To my surprise, I didn’t think about drugs as often as I’d thought I would. And I was amazed to find I had as much fun with Nola, Jeanie and Gobnet as I’d ever had with Brigit. We went to meetings, to each other’s houses, to the cinema, shopping, sunbathed in each other’s gardens. Everything normal friends did together, except drink and take drugs.
I was very relaxed with them because they knew how bad I’d been, at my very, very worst, and they didn’t judge me. For every story of shame and humiliation I had, they could top it.
As well as the meetings, I had psychotherapy sessions with an addiction counsellor on Tuesdays and Fridays.
Slowly my internal landscape altered. I extricated myself from the mesh of preconceptions I had about myself, as though from barbed wire. It was a great day when I understood I didn’t have to think I was thick just because I had a very bright sister.
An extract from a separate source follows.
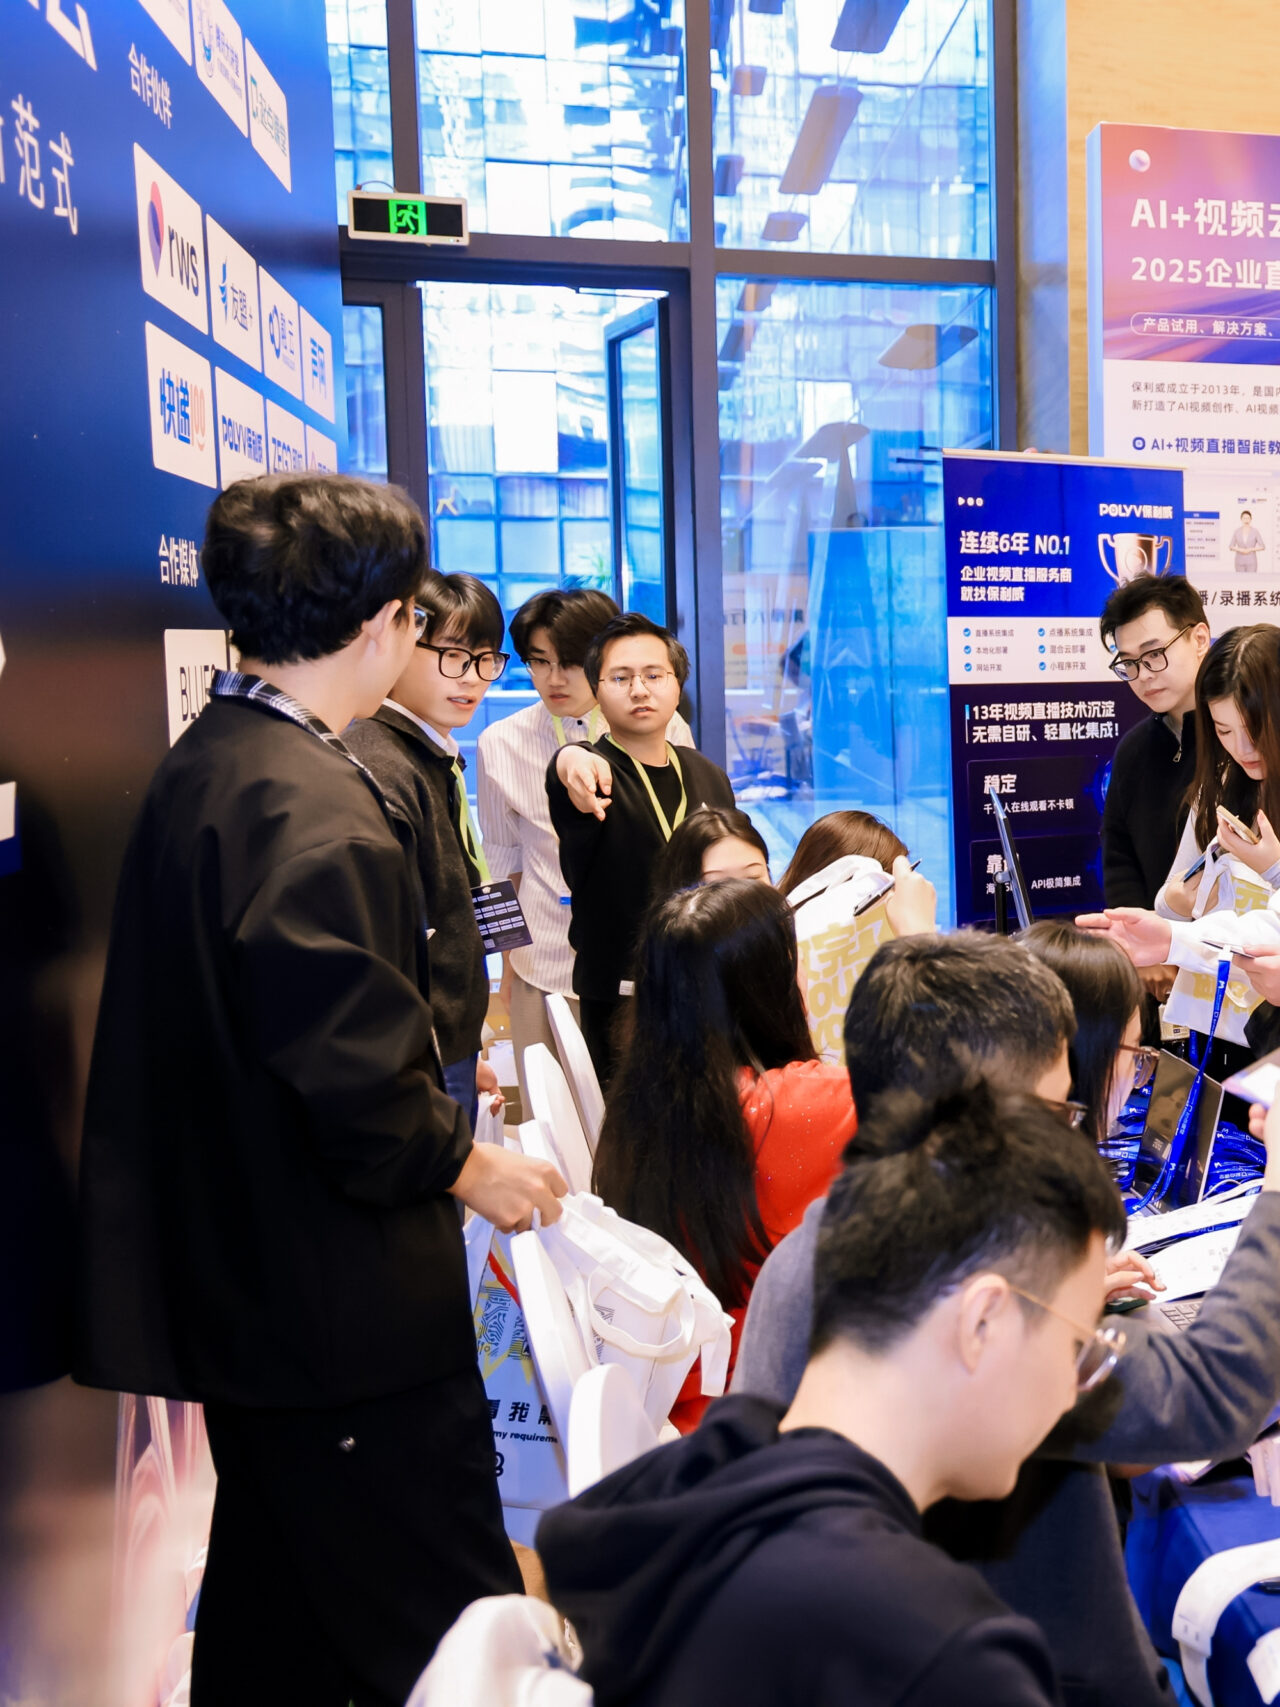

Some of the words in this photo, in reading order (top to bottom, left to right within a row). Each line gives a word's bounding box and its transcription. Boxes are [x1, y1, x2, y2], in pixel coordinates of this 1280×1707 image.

My view of my past also changed as my counsellor demystified childhood situations, in the same way that Josephine had pointed out that I wasn’t to blame for my mother’s misery after Anna was born. Repeatedly, it was pointed out to me that I hadn’t been a bad child, that I wasn’t a bad person.
It was like watching a photo developing, very slowly, over the course of a year, as I gradually came into focus.
And as I changed, other things fell into place. I reckoned I was always going to have a great fondness for savoury snacks and chocolate, but the wild swinging between starving myself and stuffing myself had calmed down a lot, without me even having to try.
That’s not to say that I didn’t still have bad days. I did.
Things didn’t improve in a smooth straight line. For every two steps I took forward, I took one step back. There were times when I just wanted to switch off, just check out of reality for a while, when relentless consciousness got me down. Nothing bad had to have happened, I just got tired of being sentient.